What this task involves: Repeat each entry exactly. Drop every image.

Task data:
|---|
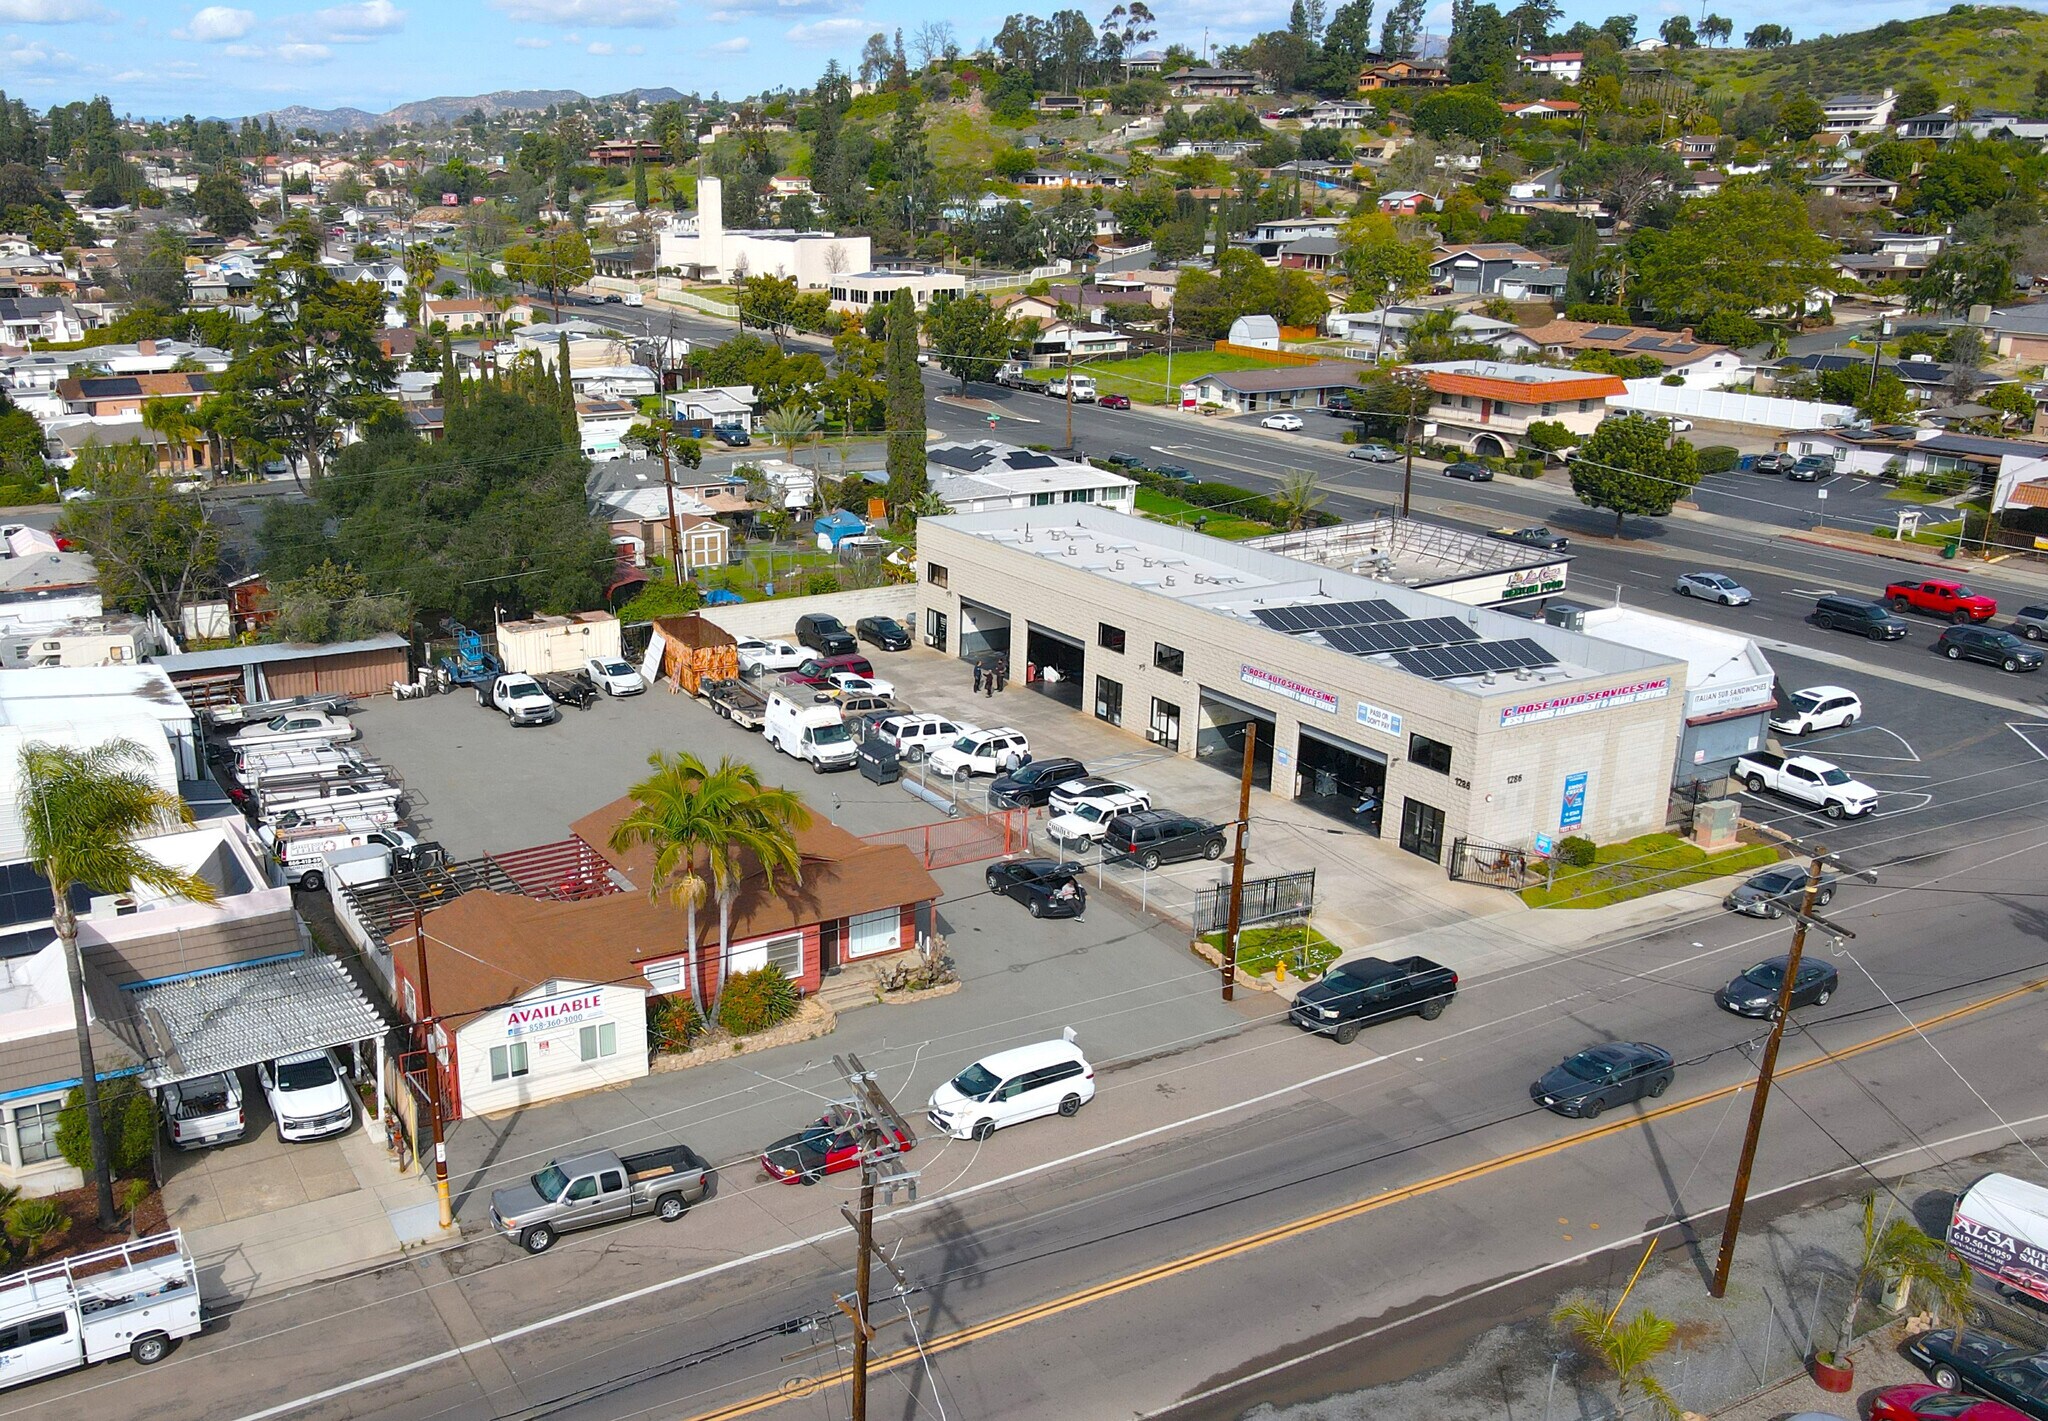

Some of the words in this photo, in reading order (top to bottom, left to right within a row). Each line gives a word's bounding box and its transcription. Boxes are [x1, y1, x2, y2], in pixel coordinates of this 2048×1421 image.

[1249, 668, 1267, 680] ROSE
[1268, 674, 1287, 686] AUTO
[1286, 680, 1322, 699] SERVICES
[1695, 692, 1717, 702] ITALIAN
[1718, 689, 1729, 699] SUB
[1729, 683, 1767, 697] SANDWICHES
[1517, 702, 1550, 714] ROSE
[1551, 695, 1585, 708] AUTO
[1586, 683, 1644, 701] SERVICES
[1555, 701, 1601, 717] ALIGNMENT
[1601, 699, 1609, 708] &
[1608, 693, 1636, 706] BRAKE
[1635, 688, 1669, 702] SERVICE
[1367, 716, 1380, 727] DON'T
[1380, 721, 1390, 730] PAY
[1370, 709, 1382, 718] PASS
[1381, 712, 1389, 720] OR
[1455, 777, 1471, 790] 1286
[1507, 774, 1523, 784] 1286
[508, 995, 601, 1026] AVAILABLE
[529, 1013, 583, 1033] 858-360-3000
[1952, 1213, 2017, 1254] ALSA
[1953, 1232, 2012, 1262] 619.504.9959
[2023, 1246, 2048, 1262] AUT
|---|
Task output:
Some of the words in this photo, in reading order (top to bottom, left to right within a row). Each line gives a word's bounding box and its transcription. Boxes are [x1, y1, x2, y2], in pixel coordinates of this 2048×1421 image.

[1249, 668, 1267, 680] ROSE
[1268, 674, 1287, 686] AUTO
[1286, 680, 1322, 699] SERVICES
[1695, 692, 1717, 702] ITALIAN
[1718, 689, 1729, 699] SUB
[1729, 683, 1767, 697] SANDWICHES
[1517, 702, 1550, 714] ROSE
[1551, 695, 1585, 708] AUTO
[1586, 683, 1644, 701] SERVICES
[1555, 701, 1601, 717] ALIGNMENT
[1601, 699, 1609, 708] &
[1608, 693, 1636, 706] BRAKE
[1635, 688, 1669, 702] SERVICE
[1367, 716, 1380, 727] DON'T
[1380, 721, 1390, 730] PAY
[1370, 709, 1382, 718] PASS
[1381, 712, 1389, 720] OR
[1455, 777, 1471, 790] 1286
[1507, 774, 1523, 784] 1286
[508, 995, 601, 1026] AVAILABLE
[529, 1013, 583, 1033] 858-360-3000
[1952, 1213, 2017, 1254] ALSA
[1953, 1232, 2012, 1262] 619.504.9959
[2023, 1246, 2048, 1262] AUT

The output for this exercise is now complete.